> **Assigned task**
The records should be written out in full, with nothing altered.

[Collected data]
== Segment start ==
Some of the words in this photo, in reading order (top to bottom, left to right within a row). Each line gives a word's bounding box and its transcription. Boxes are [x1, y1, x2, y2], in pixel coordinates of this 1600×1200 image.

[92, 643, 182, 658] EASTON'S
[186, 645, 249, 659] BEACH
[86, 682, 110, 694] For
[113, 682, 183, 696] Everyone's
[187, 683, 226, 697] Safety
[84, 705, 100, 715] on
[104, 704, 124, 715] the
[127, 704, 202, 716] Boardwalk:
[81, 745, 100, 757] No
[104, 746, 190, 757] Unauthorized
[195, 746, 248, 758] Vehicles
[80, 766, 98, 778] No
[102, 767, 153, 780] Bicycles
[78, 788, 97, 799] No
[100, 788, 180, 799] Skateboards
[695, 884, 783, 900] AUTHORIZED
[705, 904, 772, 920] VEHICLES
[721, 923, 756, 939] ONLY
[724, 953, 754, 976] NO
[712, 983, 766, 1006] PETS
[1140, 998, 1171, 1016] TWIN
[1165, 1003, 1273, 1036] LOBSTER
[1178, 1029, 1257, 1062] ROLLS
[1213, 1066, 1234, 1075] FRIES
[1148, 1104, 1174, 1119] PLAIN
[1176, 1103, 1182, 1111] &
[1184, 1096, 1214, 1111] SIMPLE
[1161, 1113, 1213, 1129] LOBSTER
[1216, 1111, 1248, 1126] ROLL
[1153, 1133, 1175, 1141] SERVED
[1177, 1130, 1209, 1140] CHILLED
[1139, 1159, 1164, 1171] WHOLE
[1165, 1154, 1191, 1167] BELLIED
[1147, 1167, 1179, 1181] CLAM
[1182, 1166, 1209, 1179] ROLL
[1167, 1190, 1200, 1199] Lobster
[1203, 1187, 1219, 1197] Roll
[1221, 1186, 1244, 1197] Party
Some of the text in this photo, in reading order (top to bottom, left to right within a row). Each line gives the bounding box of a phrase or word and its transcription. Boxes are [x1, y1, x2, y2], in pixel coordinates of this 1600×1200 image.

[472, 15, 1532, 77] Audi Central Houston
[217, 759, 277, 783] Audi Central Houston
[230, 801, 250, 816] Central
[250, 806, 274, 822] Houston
== Segment end ==
> **Exercise result**
Some of the words in this photo, in reading order (top to bottom, left to right within a row). Each line gives a word's bounding box and its transcription. Boxes are [x1, y1, x2, y2], in pixel coordinates of this 1600×1200 image.

[92, 643, 182, 658] EASTON'S
[186, 645, 249, 659] BEACH
[86, 682, 110, 694] For
[113, 682, 183, 696] Everyone's
[187, 683, 226, 697] Safety
[84, 705, 100, 715] on
[104, 704, 124, 715] the
[127, 704, 202, 716] Boardwalk:
[81, 745, 100, 757] No
[104, 746, 190, 757] Unauthorized
[195, 746, 248, 758] Vehicles
[80, 766, 98, 778] No
[102, 767, 153, 780] Bicycles
[78, 788, 97, 799] No
[100, 788, 180, 799] Skateboards
[695, 884, 783, 900] AUTHORIZED
[705, 904, 772, 920] VEHICLES
[721, 923, 756, 939] ONLY
[724, 953, 754, 976] NO
[712, 983, 766, 1006] PETS
[1140, 998, 1171, 1016] TWIN
[1165, 1003, 1273, 1036] LOBSTER
[1178, 1029, 1257, 1062] ROLLS
[1213, 1066, 1234, 1075] FRIES
[1148, 1104, 1174, 1119] PLAIN
[1176, 1103, 1182, 1111] &
[1184, 1096, 1214, 1111] SIMPLE
[1161, 1113, 1213, 1129] LOBSTER
[1216, 1111, 1248, 1126] ROLL
[1153, 1133, 1175, 1141] SERVED
[1177, 1130, 1209, 1140] CHILLED
[1139, 1159, 1164, 1171] WHOLE
[1165, 1154, 1191, 1167] BELLIED
[1147, 1167, 1179, 1181] CLAM
[1182, 1166, 1209, 1179] ROLL
[1167, 1190, 1200, 1199] Lobster
[1203, 1187, 1219, 1197] Roll
[1221, 1186, 1244, 1197] Party
Some of the text in this photo, in reading order (top to bottom, left to right within a row). Each line gives the bounding box of a phrase or word and its transcription. Boxes are [x1, y1, x2, y2], in pixel coordinates of this 1600×1200 image.

[472, 15, 1532, 77] Audi Central Houston
[217, 759, 277, 783] Audi Central Houston
[230, 801, 250, 816] Central
[250, 806, 274, 822] Houston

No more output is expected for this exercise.